*** Dataset content Section Begins ***

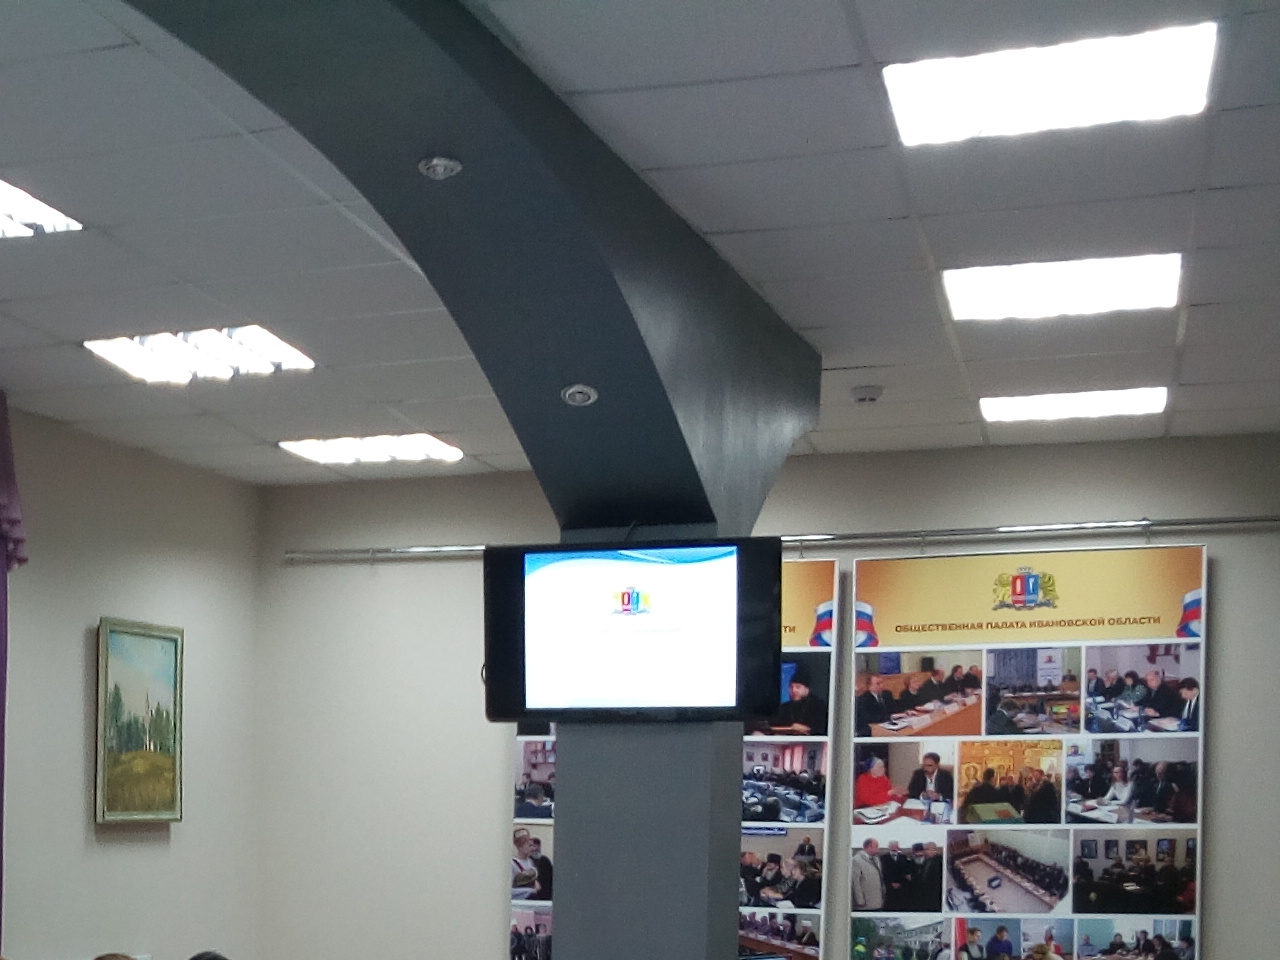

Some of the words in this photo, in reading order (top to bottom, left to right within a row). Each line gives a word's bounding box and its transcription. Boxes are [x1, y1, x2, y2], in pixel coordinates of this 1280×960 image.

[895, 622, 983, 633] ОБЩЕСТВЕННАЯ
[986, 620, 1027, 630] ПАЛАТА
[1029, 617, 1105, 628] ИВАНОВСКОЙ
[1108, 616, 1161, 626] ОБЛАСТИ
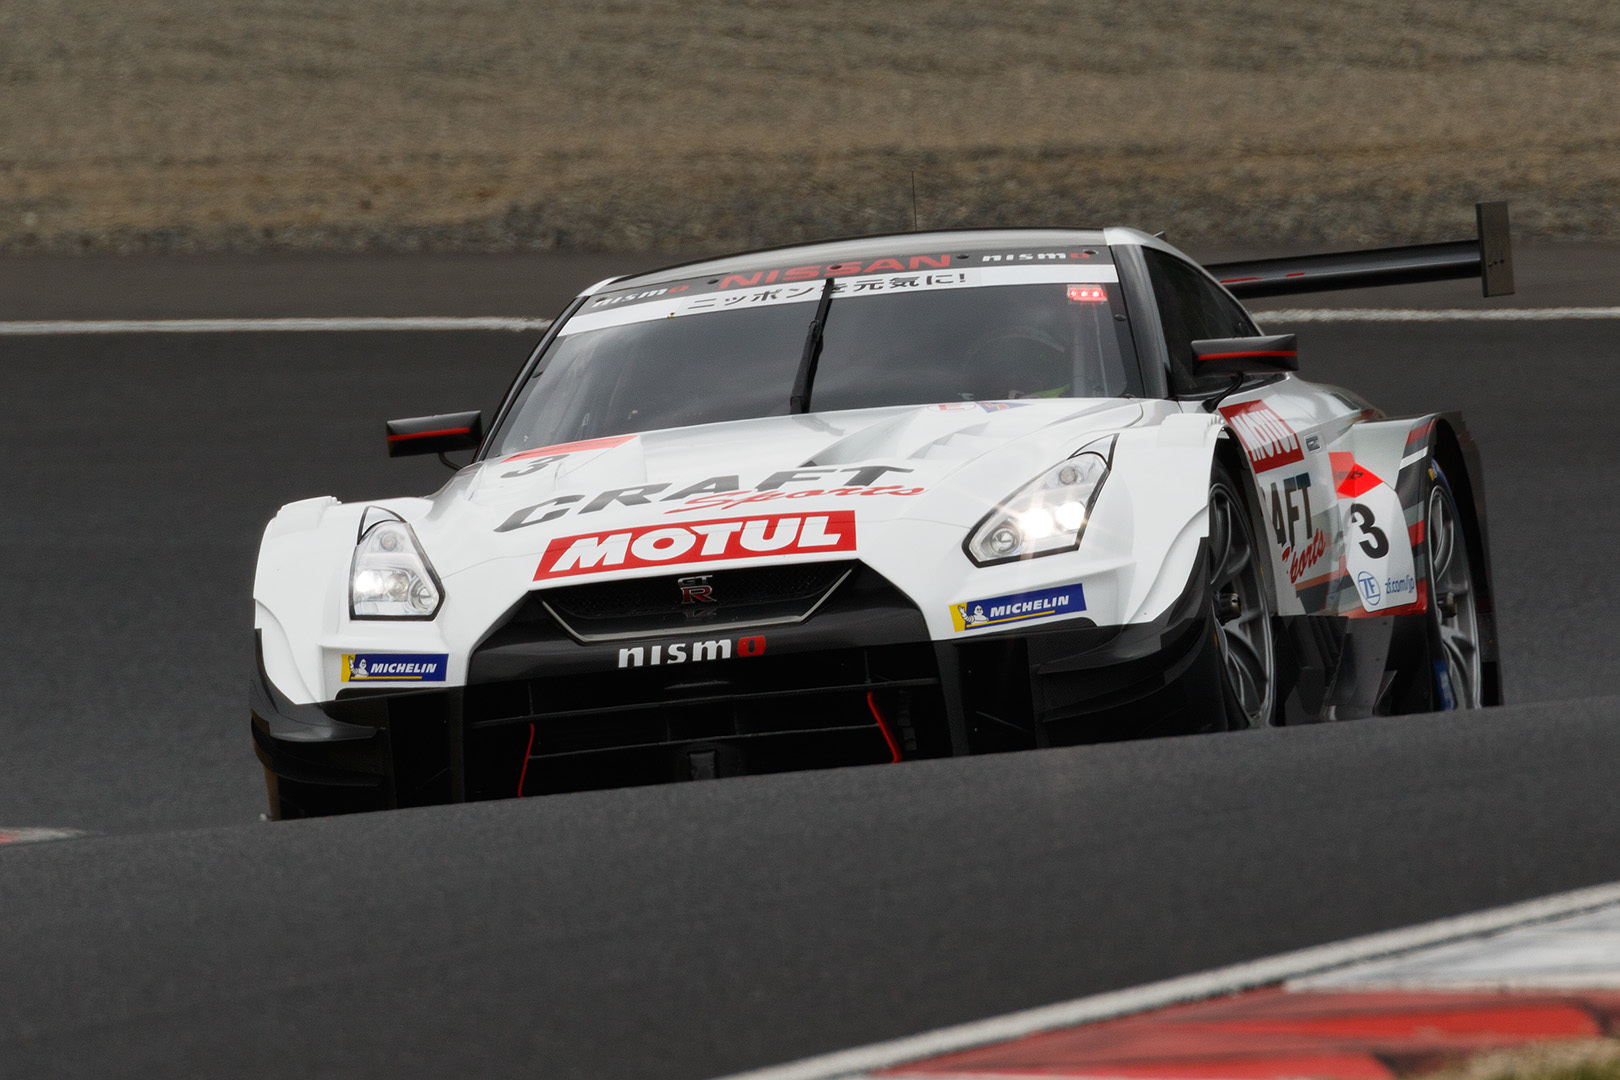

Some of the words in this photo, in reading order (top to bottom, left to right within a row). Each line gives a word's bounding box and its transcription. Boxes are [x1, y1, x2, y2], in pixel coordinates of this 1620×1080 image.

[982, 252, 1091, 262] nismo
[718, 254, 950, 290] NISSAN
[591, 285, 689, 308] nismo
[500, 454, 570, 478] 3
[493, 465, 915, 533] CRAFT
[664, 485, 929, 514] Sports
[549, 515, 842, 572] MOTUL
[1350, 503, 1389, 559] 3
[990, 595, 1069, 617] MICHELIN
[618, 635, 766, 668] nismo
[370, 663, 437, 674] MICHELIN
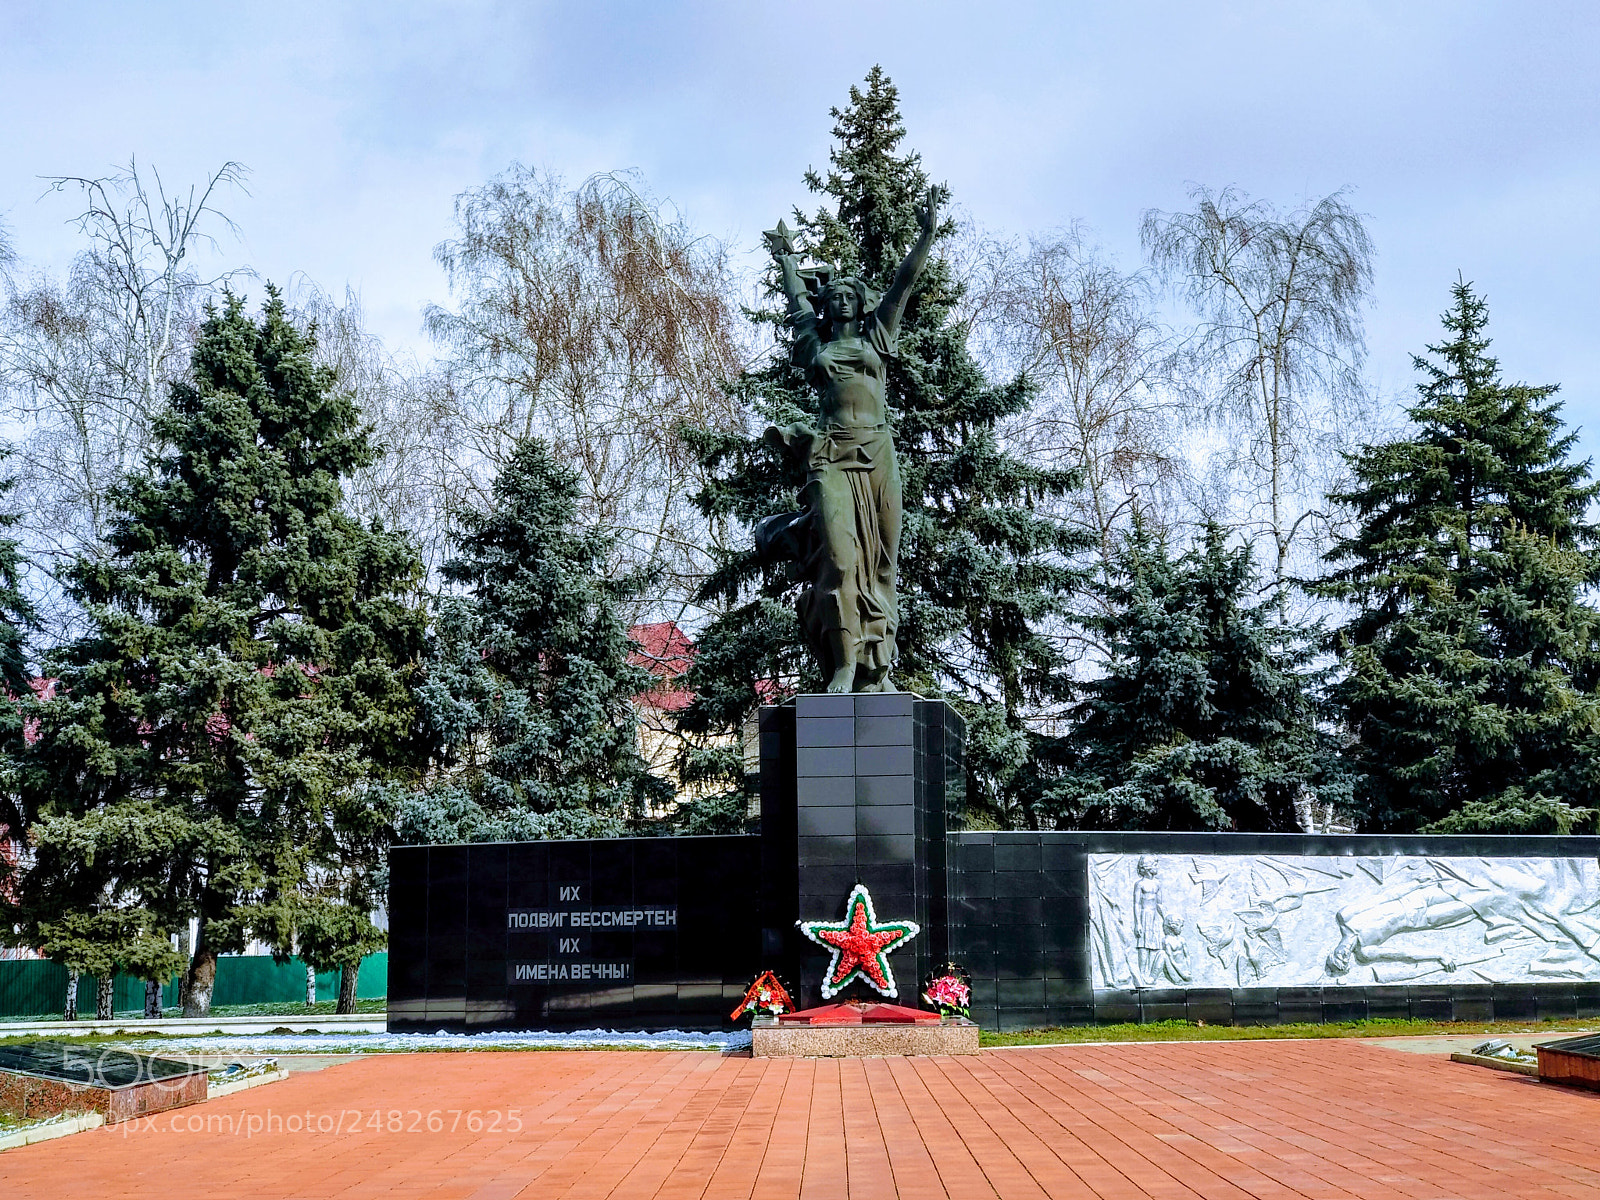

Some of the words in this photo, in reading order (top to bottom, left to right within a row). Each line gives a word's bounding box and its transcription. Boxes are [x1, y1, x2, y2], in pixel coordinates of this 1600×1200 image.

*** Dataset content Section Ends ***

▶ [The task] Leaving the pictures out, output all of the listing exactly.

▶ [Task solution]
Some of the words in this photo, in reading order (top to bottom, left to right within a row). Each line gives a word's bounding box and its transcription. Boxes are [x1, y1, x2, y2], in pixel coordinates of this 1280×960 image.

[895, 622, 983, 633] ОБЩЕСТВЕННАЯ
[986, 620, 1027, 630] ПАЛАТА
[1029, 617, 1105, 628] ИВАНОВСКОЙ
[1108, 616, 1161, 626] ОБЛАСТИ

Some of the words in this photo, in reading order (top to bottom, left to right within a row). Each line gives a word's bounding box and its transcription. Boxes are [x1, y1, x2, y2], in pixel coordinates of this 1620×1080 image.

[982, 252, 1091, 262] nismo
[718, 254, 950, 290] NISSAN
[591, 285, 689, 308] nismo
[500, 454, 570, 478] 3
[493, 465, 915, 533] CRAFT
[664, 485, 929, 514] Sports
[549, 515, 842, 572] MOTUL
[1350, 503, 1389, 559] 3
[990, 595, 1069, 617] MICHELIN
[618, 635, 766, 668] nismo
[370, 663, 437, 674] MICHELIN

Some of the words in this photo, in reading order (top to bottom, left to right within a row). Each line gives a word's bounding box and its transcription. Boxes are [x1, y1, x2, y2], in pixel coordinates of this 1600×1200 image.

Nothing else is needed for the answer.